Volume 138, Issue 1, May 1998, Pages 79-89
Atherosclerosis

The differential distribution of hyaluronic acid in the layers of human atheromatic aortas is associated with vascular smooth muscle cell proliferation and migration

https://doi.org/10.1016/S0021-9150(98)00006-9Get rights and content

Abstract

Vascular smooth muscle cells (VSMC), under conditions of induced proliferation, similar to those involved in atherosclerosis, secrete an acidic glycan, 82% of which exhibits structural homology with hyaluronic acid (HA), has a molecular mass of 340 kDa (HA-340) and inhibits VSMC proliferation in vitro. In this study, the expression of glycans was investigated in human atheromatic aortas and evidence is presented that a HA molecule, similar to HA-340, is distinctly expressed in all aortic layers. The isolation of the glycans from human aortas was performed after homogenization of the individual aortic layers (atheromatic plaque, tunica intima, tunica media and tunica adventitia), by lipid extraction and extensive digestion with pronase and DNase. The total glycans were purified from the digestion products by gel filtration on Sephadex G-25 and fractionated on a Superose 6 column. Enzymatic treatment of the ensuing glycan fractions with all known glycosaminoglycan-degrading enzymes, followed by electrophoresis on polyacrylamide gradient gels and cellulose acetate membranes, revealed that, in addition to HA, the tunica intima and the atheromatic plaque also contained dermatan sulfate, while the tunica media and the tunica adventitia also contained chondroitin sulfates and heparan sulfate. The highest concentration of the human aorta HA was found in the tunica media, exhibiting a negative concentration gradient from the tunica media to the atheromatic plaque. Investigation of the biological function of the human aorta HA revealed that this molecule acts as a negative regulator on the PDGF-induced VSMC proliferation and as a positive regulator on the PDGF-induced VSMC migration.
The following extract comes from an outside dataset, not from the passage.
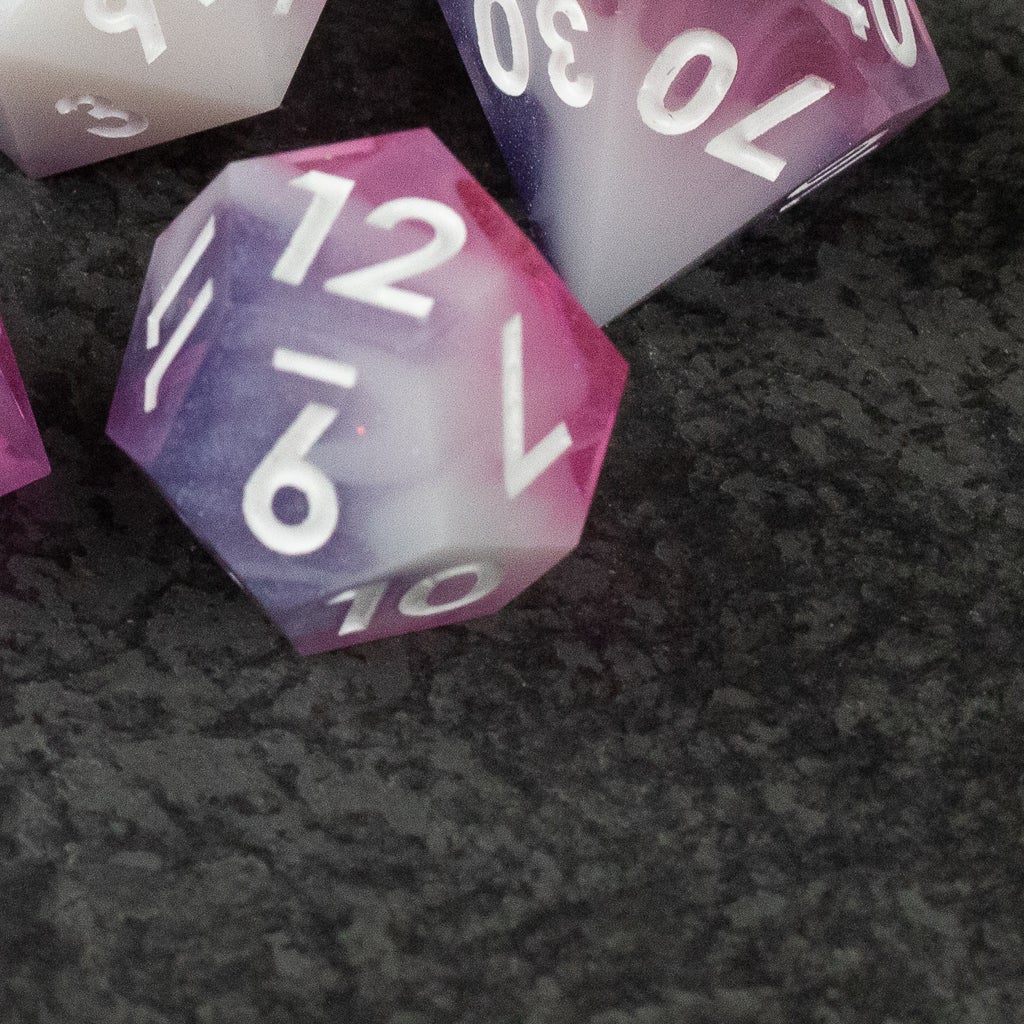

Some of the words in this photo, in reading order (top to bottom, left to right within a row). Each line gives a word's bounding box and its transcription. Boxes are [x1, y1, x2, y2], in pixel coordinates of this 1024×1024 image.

The differential expression of HA within the aortic layers correlates with the biological function attributed to this acidic glycan and associates it with key events in the progression of atherogenesis.

Introduction

Atherogenesis, the complex cascade of events leading to the formation of atheromatic plaques, depends on the interaction between several cell types, growth factors, cytokines and molecules of the extracellular matrix [1]. Among different cell types, vascular smooth muscle cells (VSMC) play a major role in the formation of atherosclerotic lesions 2, 3. In the normal human arteries, susceptible to atherosclerosis, VSMC reside mainly in the tunica media in a quiescent state and express a variety of differentiation-specific genes important to maintain the physiological regulation of vessel tone and blood pressure [4]. During the inflammatory injury seen in the early stages of atherosclerosis, VSMC migrate from the tunica media to the tunica intima. These migrating VSMC exhibit a synthetic phenotype with subcellular organization designed to support rapid cell growth and proliferation. Among several growth factors and cytokines platelet-derived growth factor (PDGF) has been shown to be essentially involved in the progression of atherosclerosis [1]. Extensive in vitro studies revealed that PDGF-BB stimulates the proliferation of VSMC, endothelial cells and fibroblasts 1, 5, 6. However, recent data suggest that this growth factor is only a weak mitogen for VSMC in vivo 7, 8, 9but it induces their migration from the tunica media into the tunica intima [1].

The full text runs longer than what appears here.